CEOs and Executive Team Accountabilities
On reflection, and in my view, it seems to me that leaderships are accountable for two core things. Firstly, knowing how performance is going now and; secondly, making progress towards a set of goals that are about the change from today, to what the organisation needs to be in the future.
Let’s expand on these two points.
1. Understanding of what performance is doing now, and why.
Organisational leaders need to have a deep understanding of what performance is doing now, and why. It’s not enough to produce a set of numbers. We have to know how these numbers are produced and be able to demonstrate a causal relationship in the achievement.
This is about truly knowing and understanding the complex interplay between the policies, processes and procedures. Then how these organisational attributes dovetail in with the culture that delivers value for the customer and in turn produces the results and numbers.
Knowing what performance is doing and why, brings higher levels of predictability and the ability to deliver on purpose.
2. Making progress towards future goals
Once we know what performance is doing and why, then we can turn our attention to where we want to be in the future. And this is the second area where CEOs and their leadership teams can be accountable , for making progress towards a set of goals that are about the change from today, to where and what the organisation needs to be in the future.
Getting change is much harder that maintaining the status quo, or business as usual. Therefore the progress towards a set of goals is best when we have clearly defined results that we are looking to make progress towards, and measures that provide feedback on the impact our initiatives or projects are having on the result. Good practice, according to Franklin Covey is two-to-three goals per period.

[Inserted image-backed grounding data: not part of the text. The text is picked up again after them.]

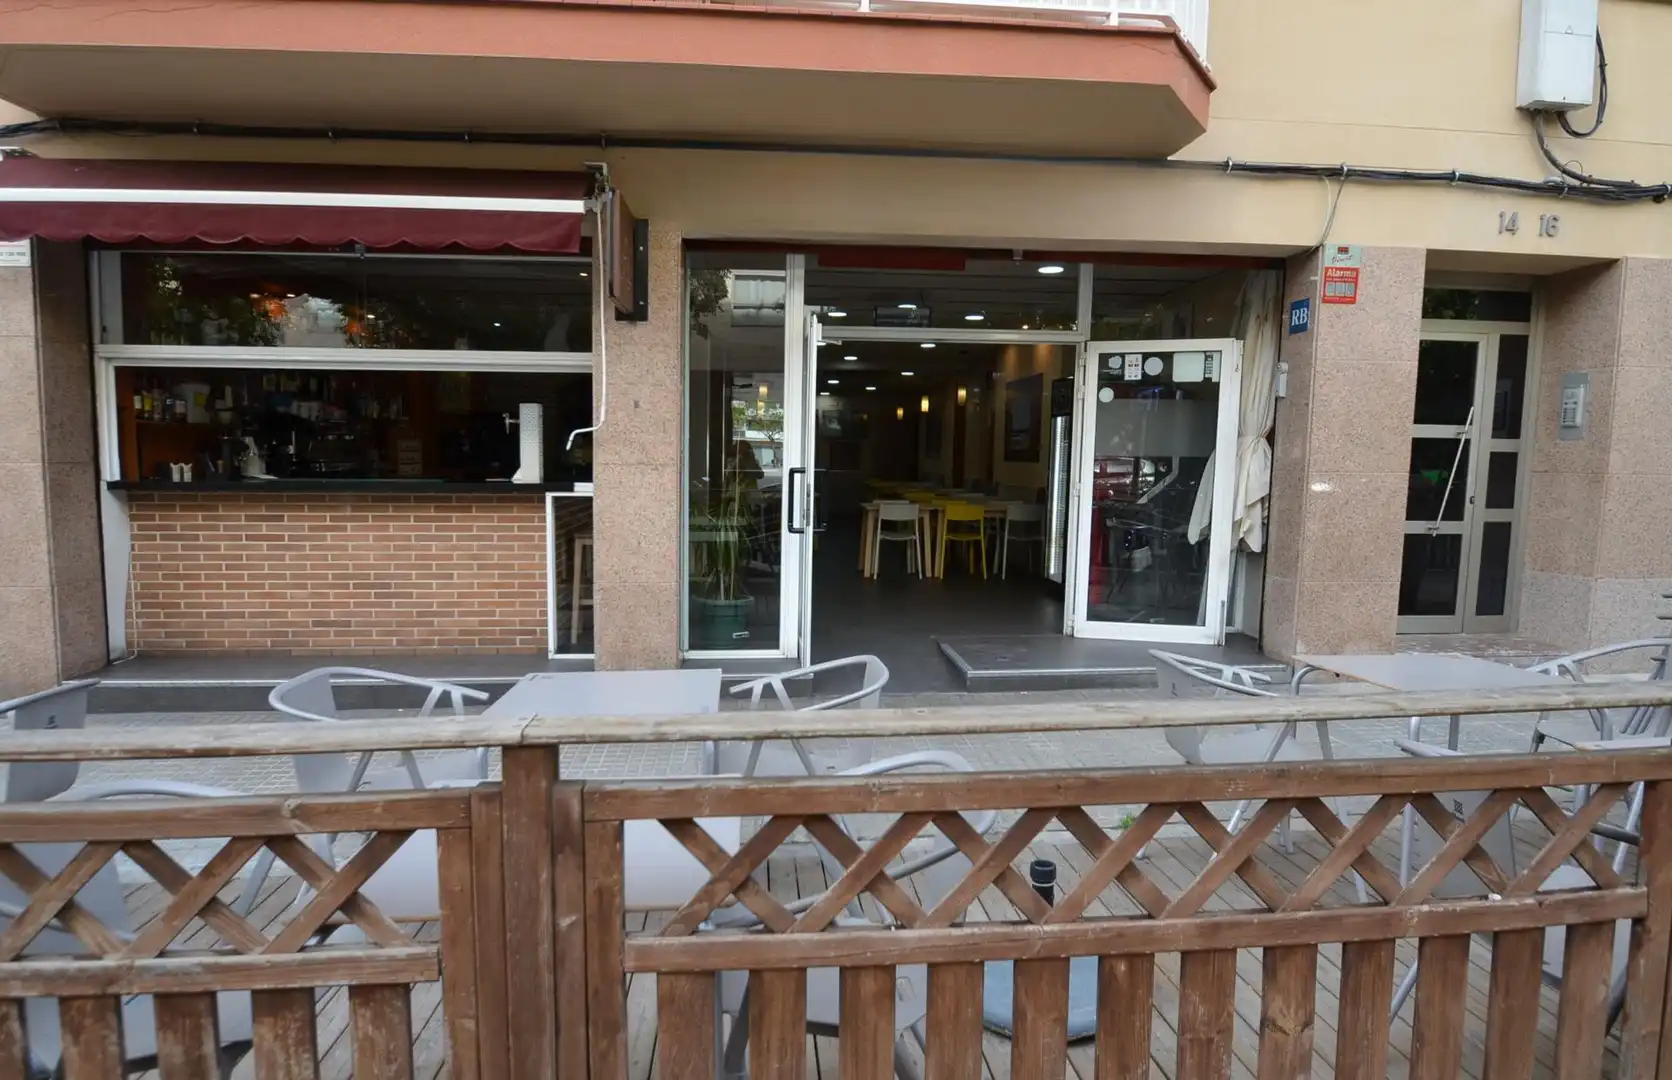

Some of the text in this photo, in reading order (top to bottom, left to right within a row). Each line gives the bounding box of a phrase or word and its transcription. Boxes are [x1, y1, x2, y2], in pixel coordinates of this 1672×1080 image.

[1498, 209, 1560, 238] 14 16
[1326, 268, 1357, 278] Alarma
[1291, 307, 1308, 326] RB
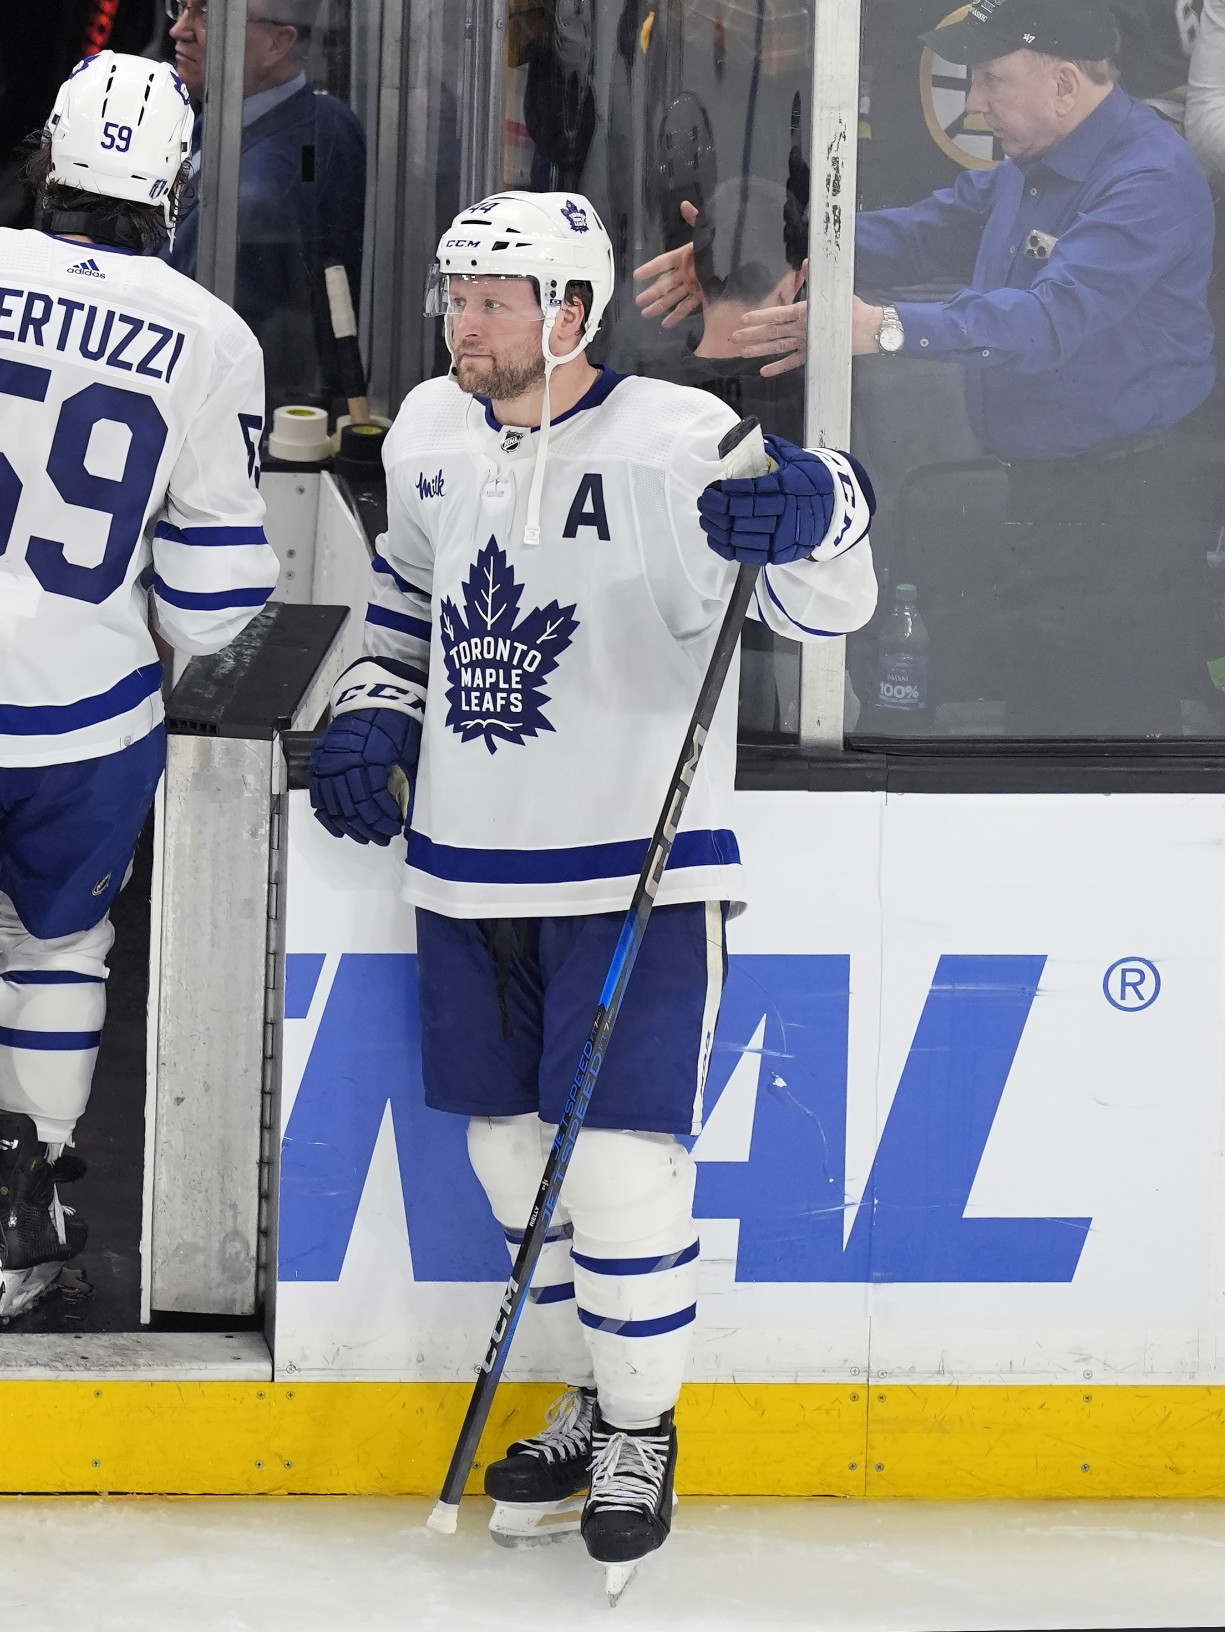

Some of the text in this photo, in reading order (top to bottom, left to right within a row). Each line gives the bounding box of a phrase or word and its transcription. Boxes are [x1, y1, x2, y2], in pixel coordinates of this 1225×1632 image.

[100, 121, 133, 153] 59
[445, 239, 481, 248] CCM
[66, 267, 106, 280] adidas
[415, 468, 447, 502] Milk
[562, 473, 612, 541] A
[449, 635, 543, 673] TORONTO
[460, 669, 523, 691] MAPLE
[879, 681, 919, 699] 100%
[460, 691, 524, 713] LEAFS
[553, 1040, 595, 1160] JETSPEED
[541, 1052, 603, 1232] JETSPEED
[529, 1206, 540, 1228] RIELLY
[481, 1275, 520, 1375] CCM
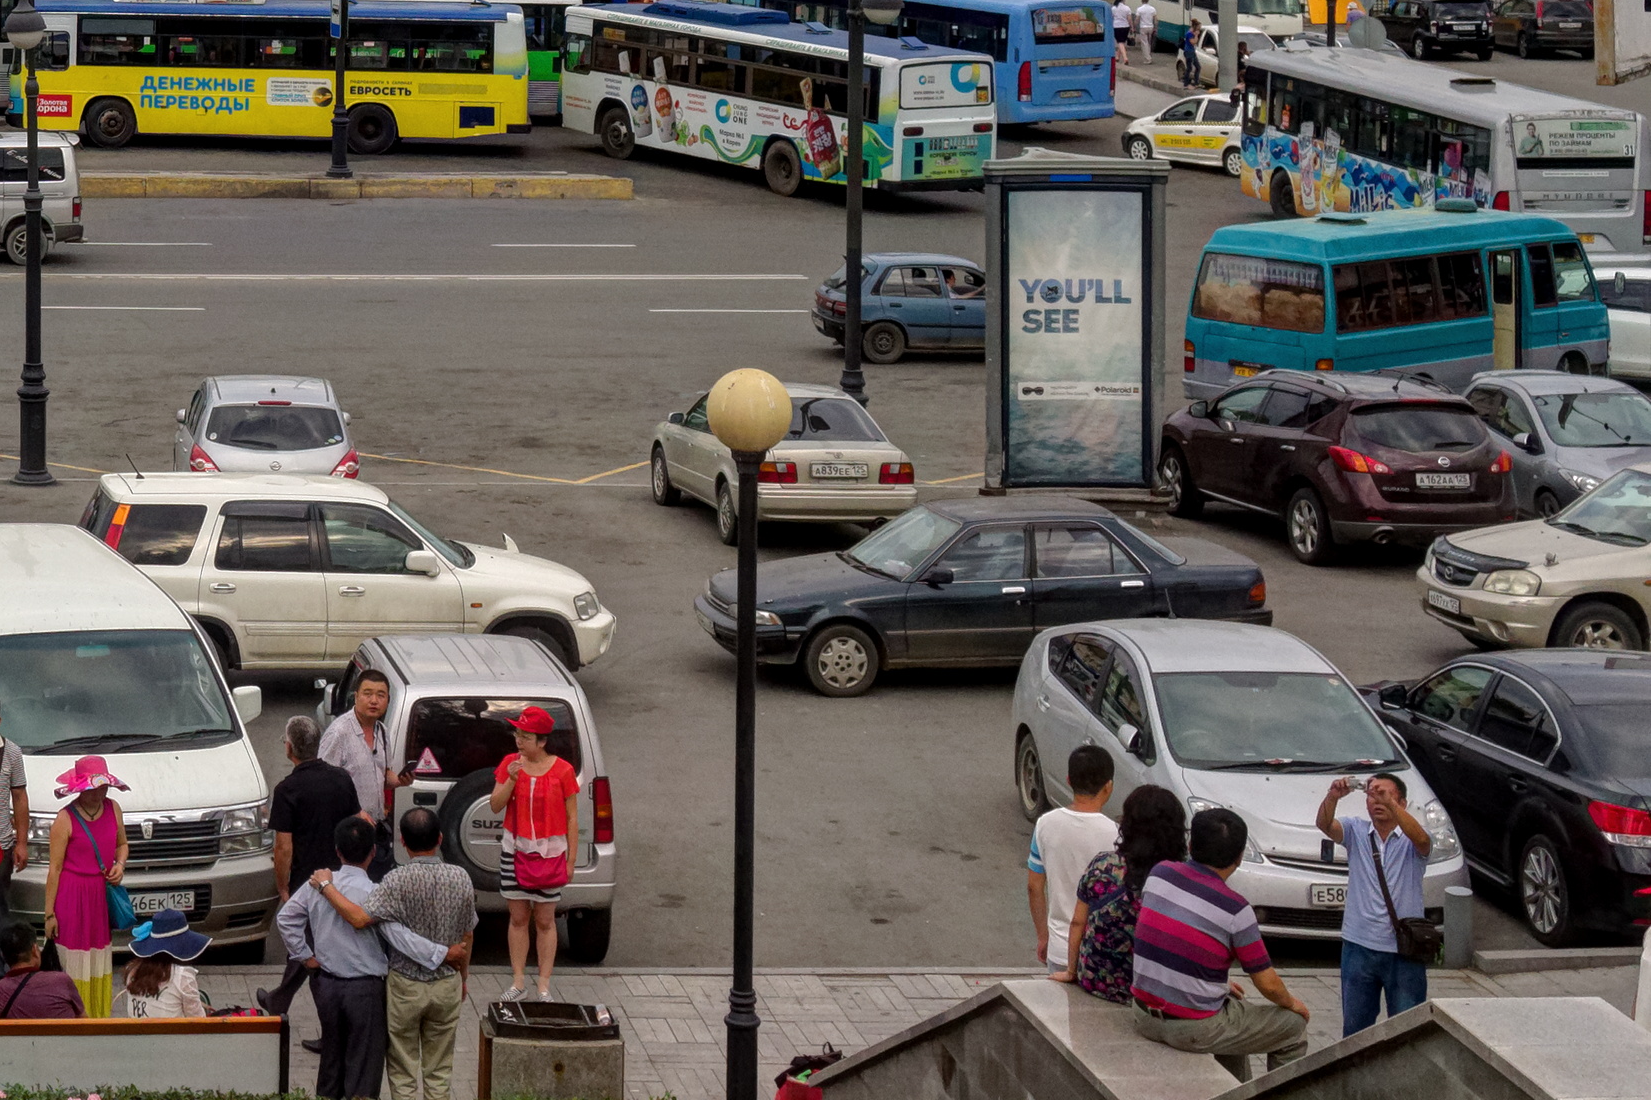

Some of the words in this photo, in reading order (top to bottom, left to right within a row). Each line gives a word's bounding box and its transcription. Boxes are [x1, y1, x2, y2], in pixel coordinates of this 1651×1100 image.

[649, 20, 680, 30] МАГАЗИНАХ
[680, 25, 701, 33] ГОРОДА
[140, 75, 256, 93] ДЕНЕЖНЫЕ
[349, 86, 412, 97] ЕВРОСЕТЬ
[140, 95, 250, 115] ПЕРЕВОДЫ
[732, 103, 748, 112] CHUNG
[732, 116, 748, 125] ONE
[719, 129, 735, 139] Марка
[726, 138, 741, 147] Корее
[1624, 144, 1634, 156] 31
[1018, 278, 1132, 304] YOU'LL
[1021, 308, 1080, 334] SEE
[1100, 385, 1132, 394] Polaroid
[815, 465, 851, 476] А839ЕЕ
[852, 466, 866, 475] 125
[1419, 475, 1454, 486] А162АА
[472, 819, 504, 829] SUZ
[1317, 887, 1347, 903] Е58
[131, 896, 167, 911] 46ЕК
[169, 894, 191, 905] 125
[132, 998, 149, 1019] PER
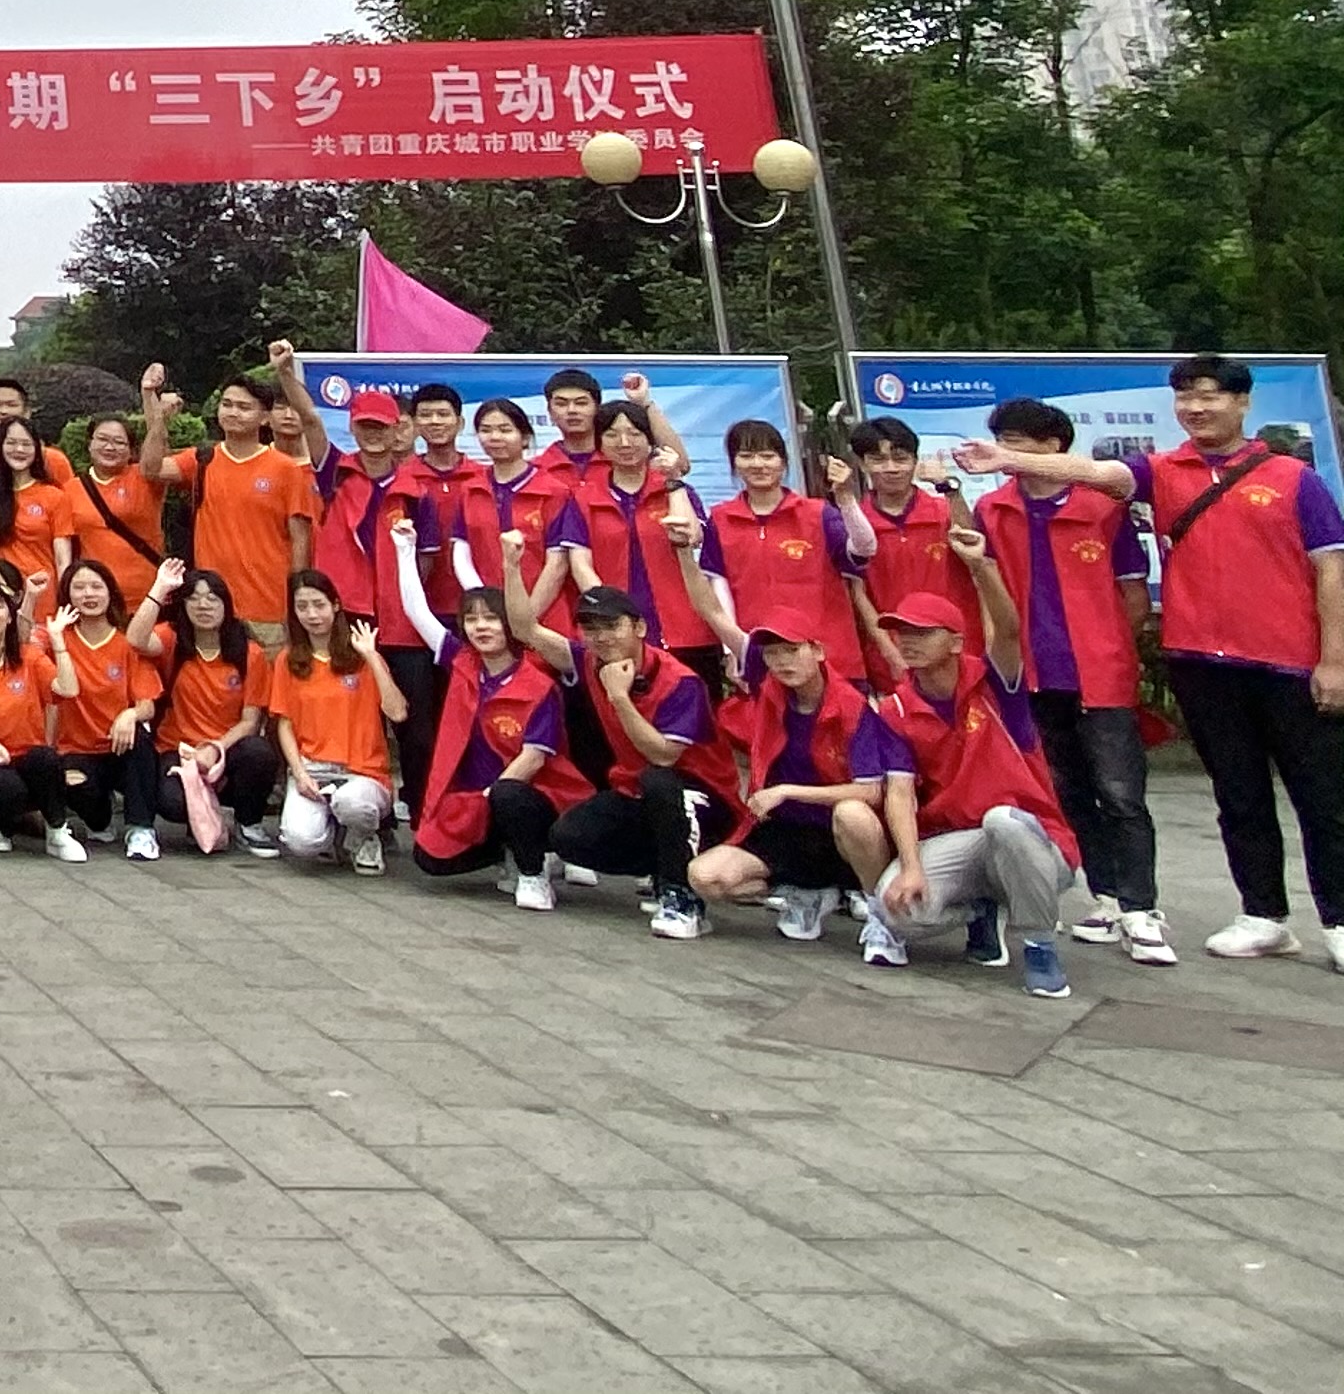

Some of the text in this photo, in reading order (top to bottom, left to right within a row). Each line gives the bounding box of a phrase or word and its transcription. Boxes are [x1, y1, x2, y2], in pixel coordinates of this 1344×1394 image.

Good corporate governance covers a wide range of factors. The setting of KPIs between the Board and the CEO, typically has room for improvement. But instead of these targets that can be negotiated and (potentially) manipulated. Perhaps leadership teams should really be account for two things:
(1) Knowing how performance is going now and can demonstrate the causal relationships between performance and results; and
(2) making progress towards a set of goals that are about the change from today, to where and what the organisation needs to be in the future.